Stored items from a collection:
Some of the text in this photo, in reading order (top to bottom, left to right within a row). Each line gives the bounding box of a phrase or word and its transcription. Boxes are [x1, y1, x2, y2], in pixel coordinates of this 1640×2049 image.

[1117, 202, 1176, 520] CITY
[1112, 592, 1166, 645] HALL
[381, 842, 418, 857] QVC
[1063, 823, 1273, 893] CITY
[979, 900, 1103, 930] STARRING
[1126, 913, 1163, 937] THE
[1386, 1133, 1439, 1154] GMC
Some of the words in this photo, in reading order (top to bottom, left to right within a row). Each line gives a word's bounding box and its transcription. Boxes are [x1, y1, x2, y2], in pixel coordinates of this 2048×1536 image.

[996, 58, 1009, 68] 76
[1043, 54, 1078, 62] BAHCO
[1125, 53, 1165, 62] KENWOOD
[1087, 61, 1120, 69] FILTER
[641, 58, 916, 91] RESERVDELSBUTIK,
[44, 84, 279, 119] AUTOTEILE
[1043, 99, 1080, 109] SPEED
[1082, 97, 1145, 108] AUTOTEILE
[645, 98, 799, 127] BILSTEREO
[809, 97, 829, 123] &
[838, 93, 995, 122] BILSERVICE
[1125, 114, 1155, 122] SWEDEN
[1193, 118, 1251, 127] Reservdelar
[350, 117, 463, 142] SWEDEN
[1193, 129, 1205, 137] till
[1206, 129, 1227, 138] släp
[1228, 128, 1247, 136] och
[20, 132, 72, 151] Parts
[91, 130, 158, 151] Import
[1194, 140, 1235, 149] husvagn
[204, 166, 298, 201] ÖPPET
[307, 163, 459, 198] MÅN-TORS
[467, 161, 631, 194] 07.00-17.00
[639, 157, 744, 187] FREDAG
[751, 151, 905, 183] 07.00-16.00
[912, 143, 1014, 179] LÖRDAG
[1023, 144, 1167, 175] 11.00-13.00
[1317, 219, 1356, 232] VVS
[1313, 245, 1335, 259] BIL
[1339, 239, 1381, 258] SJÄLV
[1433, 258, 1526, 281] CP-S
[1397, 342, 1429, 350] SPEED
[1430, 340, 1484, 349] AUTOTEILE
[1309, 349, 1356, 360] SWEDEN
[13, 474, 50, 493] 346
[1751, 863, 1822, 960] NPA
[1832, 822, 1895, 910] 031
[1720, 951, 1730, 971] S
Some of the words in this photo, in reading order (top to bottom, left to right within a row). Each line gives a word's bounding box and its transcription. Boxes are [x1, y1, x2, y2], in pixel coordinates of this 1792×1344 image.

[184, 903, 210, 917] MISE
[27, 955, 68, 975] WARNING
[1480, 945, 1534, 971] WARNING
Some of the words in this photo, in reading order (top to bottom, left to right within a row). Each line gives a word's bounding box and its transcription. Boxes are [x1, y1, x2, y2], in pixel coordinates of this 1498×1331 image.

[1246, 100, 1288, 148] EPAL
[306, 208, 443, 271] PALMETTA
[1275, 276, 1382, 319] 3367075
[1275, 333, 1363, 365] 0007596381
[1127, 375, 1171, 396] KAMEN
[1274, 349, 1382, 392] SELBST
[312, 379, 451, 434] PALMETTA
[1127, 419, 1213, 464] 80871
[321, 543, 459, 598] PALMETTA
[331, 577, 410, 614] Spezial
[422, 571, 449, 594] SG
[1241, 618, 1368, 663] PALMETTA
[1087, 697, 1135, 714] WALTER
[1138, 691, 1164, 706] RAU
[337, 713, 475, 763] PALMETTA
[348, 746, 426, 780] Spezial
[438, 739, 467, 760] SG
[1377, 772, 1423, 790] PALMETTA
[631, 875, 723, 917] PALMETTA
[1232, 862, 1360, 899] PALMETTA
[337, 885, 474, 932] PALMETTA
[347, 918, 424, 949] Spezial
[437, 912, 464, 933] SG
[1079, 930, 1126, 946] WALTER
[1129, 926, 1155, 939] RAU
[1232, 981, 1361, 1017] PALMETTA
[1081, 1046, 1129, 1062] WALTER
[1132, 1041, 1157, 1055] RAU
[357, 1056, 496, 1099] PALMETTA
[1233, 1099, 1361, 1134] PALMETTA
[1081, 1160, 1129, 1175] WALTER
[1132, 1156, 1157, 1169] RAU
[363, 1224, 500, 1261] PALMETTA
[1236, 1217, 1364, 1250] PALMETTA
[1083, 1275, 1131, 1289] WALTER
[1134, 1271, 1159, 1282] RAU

| WHAT NEEDS TO BE DONE |
Return all of the data above verbatim.

| EXERCISE RESULT |
Some of the text in this photo, in reading order (top to bottom, left to right within a row). Each line gives the bounding box of a phrase or word and its transcription. Boxes are [x1, y1, x2, y2], in pixel coordinates of this 1640×2049 image.

[1117, 202, 1176, 520] CITY
[1112, 592, 1166, 645] HALL
[381, 842, 418, 857] QVC
[1063, 823, 1273, 893] CITY
[979, 900, 1103, 930] STARRING
[1126, 913, 1163, 937] THE
[1386, 1133, 1439, 1154] GMC
Some of the words in this photo, in reading order (top to bottom, left to right within a row). Each line gives a word's bounding box and its transcription. Boxes are [x1, y1, x2, y2], in pixel coordinates of this 2048×1536 image.

[996, 58, 1009, 68] 76
[1043, 54, 1078, 62] BAHCO
[1125, 53, 1165, 62] KENWOOD
[1087, 61, 1120, 69] FILTER
[641, 58, 916, 91] RESERVDELSBUTIK,
[44, 84, 279, 119] AUTOTEILE
[1043, 99, 1080, 109] SPEED
[1082, 97, 1145, 108] AUTOTEILE
[645, 98, 799, 127] BILSTEREO
[809, 97, 829, 123] &
[838, 93, 995, 122] BILSERVICE
[1125, 114, 1155, 122] SWEDEN
[1193, 118, 1251, 127] Reservdelar
[350, 117, 463, 142] SWEDEN
[1193, 129, 1205, 137] till
[1206, 129, 1227, 138] släp
[1228, 128, 1247, 136] och
[20, 132, 72, 151] Parts
[91, 130, 158, 151] Import
[1194, 140, 1235, 149] husvagn
[204, 166, 298, 201] ÖPPET
[307, 163, 459, 198] MÅN-TORS
[467, 161, 631, 194] 07.00-17.00
[639, 157, 744, 187] FREDAG
[751, 151, 905, 183] 07.00-16.00
[912, 143, 1014, 179] LÖRDAG
[1023, 144, 1167, 175] 11.00-13.00
[1317, 219, 1356, 232] VVS
[1313, 245, 1335, 259] BIL
[1339, 239, 1381, 258] SJÄLV
[1433, 258, 1526, 281] CP-S
[1397, 342, 1429, 350] SPEED
[1430, 340, 1484, 349] AUTOTEILE
[1309, 349, 1356, 360] SWEDEN
[13, 474, 50, 493] 346
[1751, 863, 1822, 960] NPA
[1832, 822, 1895, 910] 031
[1720, 951, 1730, 971] S
Some of the words in this photo, in reading order (top to bottom, left to right within a row). Each line gives a word's bounding box and its transcription. Boxes are [x1, y1, x2, y2], in pixel coordinates of this 1792×1344 image.

[184, 903, 210, 917] MISE
[27, 955, 68, 975] WARNING
[1480, 945, 1534, 971] WARNING
Some of the words in this photo, in reading order (top to bottom, left to right within a row). Each line gives a word's bounding box and its transcription. Boxes are [x1, y1, x2, y2], in pixel coordinates of this 1498×1331 image.

[1246, 100, 1288, 148] EPAL
[306, 208, 443, 271] PALMETTA
[1275, 276, 1382, 319] 3367075
[1275, 333, 1363, 365] 0007596381
[1127, 375, 1171, 396] KAMEN
[1274, 349, 1382, 392] SELBST
[312, 379, 451, 434] PALMETTA
[1127, 419, 1213, 464] 80871
[321, 543, 459, 598] PALMETTA
[331, 577, 410, 614] Spezial
[422, 571, 449, 594] SG
[1241, 618, 1368, 663] PALMETTA
[1087, 697, 1135, 714] WALTER
[1138, 691, 1164, 706] RAU
[337, 713, 475, 763] PALMETTA
[348, 746, 426, 780] Spezial
[438, 739, 467, 760] SG
[1377, 772, 1423, 790] PALMETTA
[631, 875, 723, 917] PALMETTA
[1232, 862, 1360, 899] PALMETTA
[337, 885, 474, 932] PALMETTA
[347, 918, 424, 949] Spezial
[437, 912, 464, 933] SG
[1079, 930, 1126, 946] WALTER
[1129, 926, 1155, 939] RAU
[1232, 981, 1361, 1017] PALMETTA
[1081, 1046, 1129, 1062] WALTER
[1132, 1041, 1157, 1055] RAU
[357, 1056, 496, 1099] PALMETTA
[1233, 1099, 1361, 1134] PALMETTA
[1081, 1160, 1129, 1175] WALTER
[1132, 1156, 1157, 1169] RAU
[363, 1224, 500, 1261] PALMETTA
[1236, 1217, 1364, 1250] PALMETTA
[1083, 1275, 1131, 1289] WALTER
[1134, 1271, 1159, 1282] RAU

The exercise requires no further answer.